Action item:
In your copy, reproduce each entry exactly and include no picture.

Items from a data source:

Start of Block

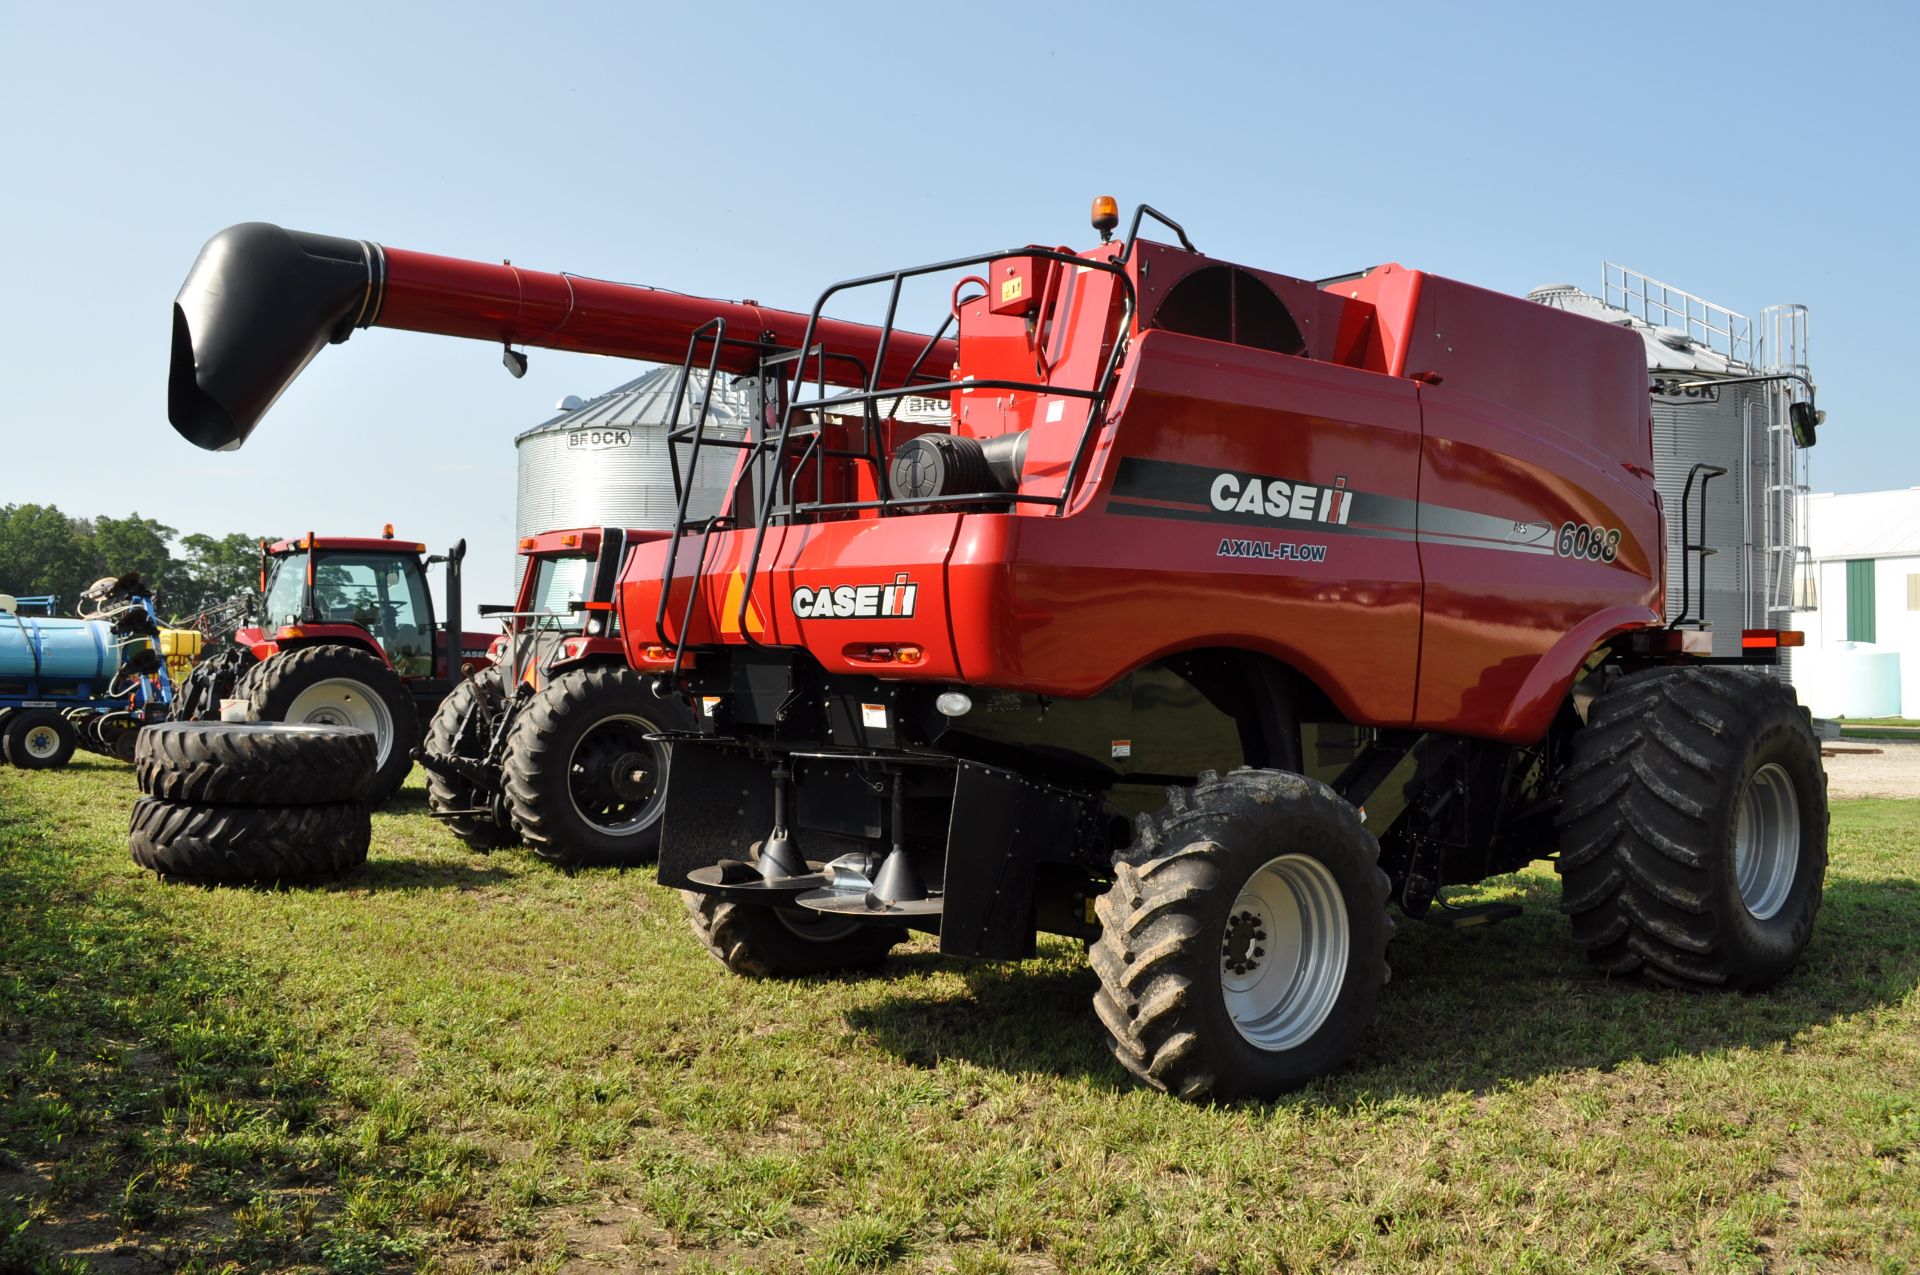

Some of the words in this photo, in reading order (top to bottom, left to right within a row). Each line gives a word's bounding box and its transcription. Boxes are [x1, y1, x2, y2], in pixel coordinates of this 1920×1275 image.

[909, 397, 951, 412] BRO
[1210, 473, 1318, 521] CASE
[1217, 538, 1327, 562] AXIAL-FLOW
[1557, 521, 1621, 563] 6088
[792, 586, 880, 618] CASE
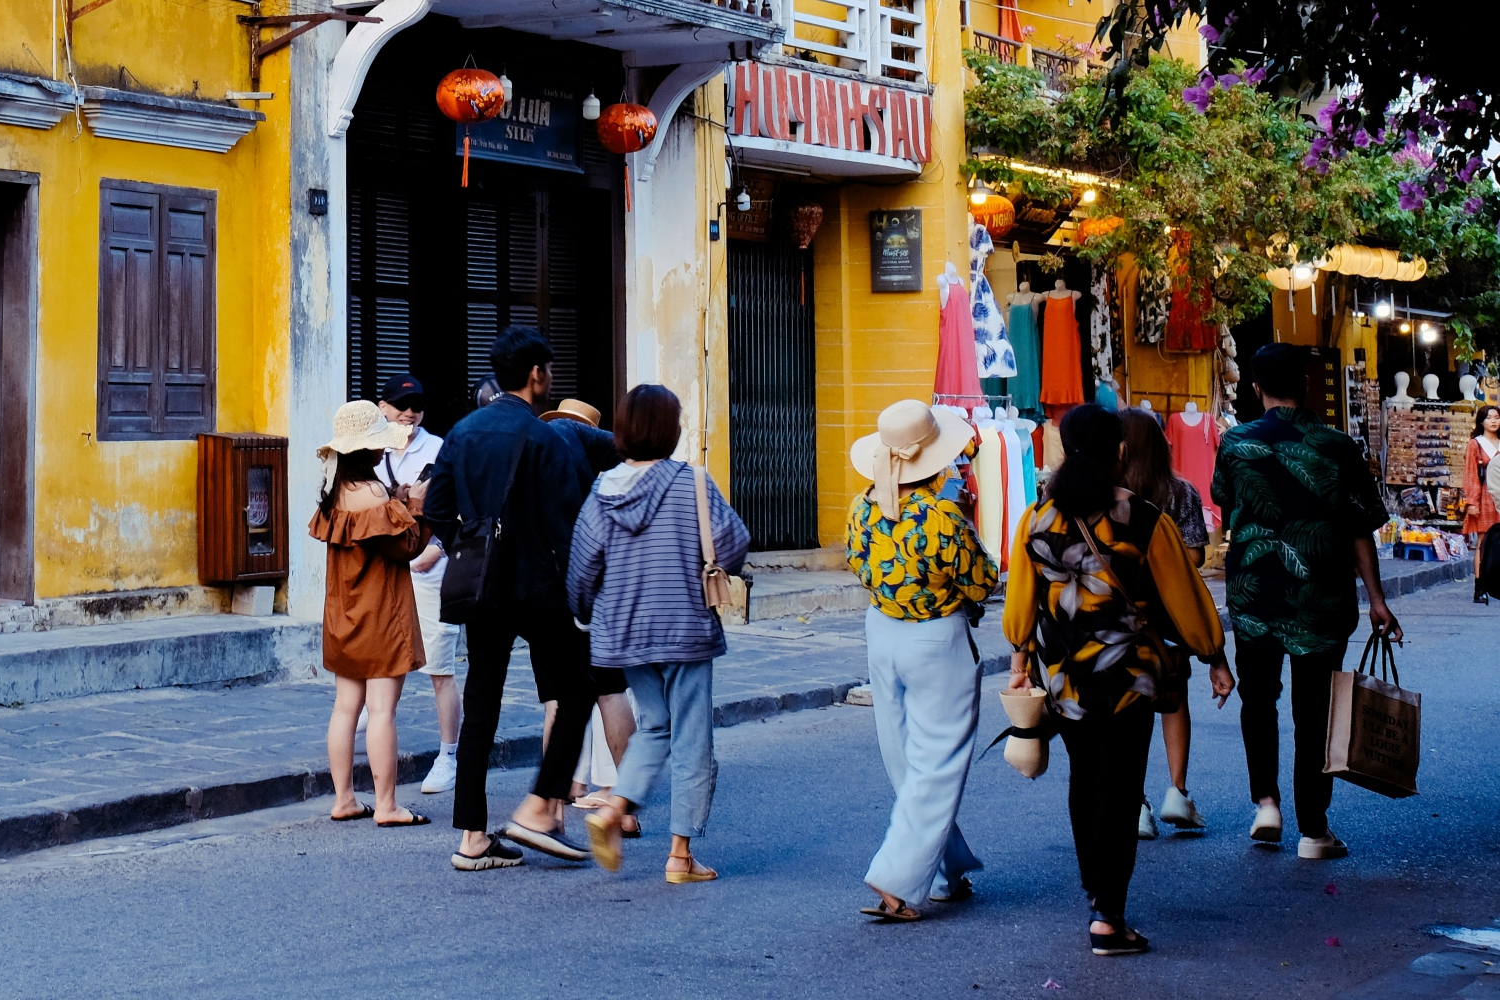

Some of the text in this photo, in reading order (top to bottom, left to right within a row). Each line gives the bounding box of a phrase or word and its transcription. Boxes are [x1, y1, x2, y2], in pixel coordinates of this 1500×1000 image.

End of Block

Task response:
Some of the words in this photo, in reading order (top to bottom, left to right within a row). Each line gives a word's bounding box and its transcription. Boxes are [x1, y1, x2, y2], in pixel coordinates of this 1920×1275 image.

[909, 397, 951, 412] BRO
[1210, 473, 1318, 521] CASE
[1217, 538, 1327, 562] AXIAL-FLOW
[1557, 521, 1621, 563] 6088
[792, 586, 880, 618] CASE

Some of the text in this photo, in reading order (top to bottom, left to right within a row). Each line gives the bounding box of a phrase or word and its transcription. Boxes are [x1, y1, x2, y2], in pixel coordinates of this 1500×1000 image.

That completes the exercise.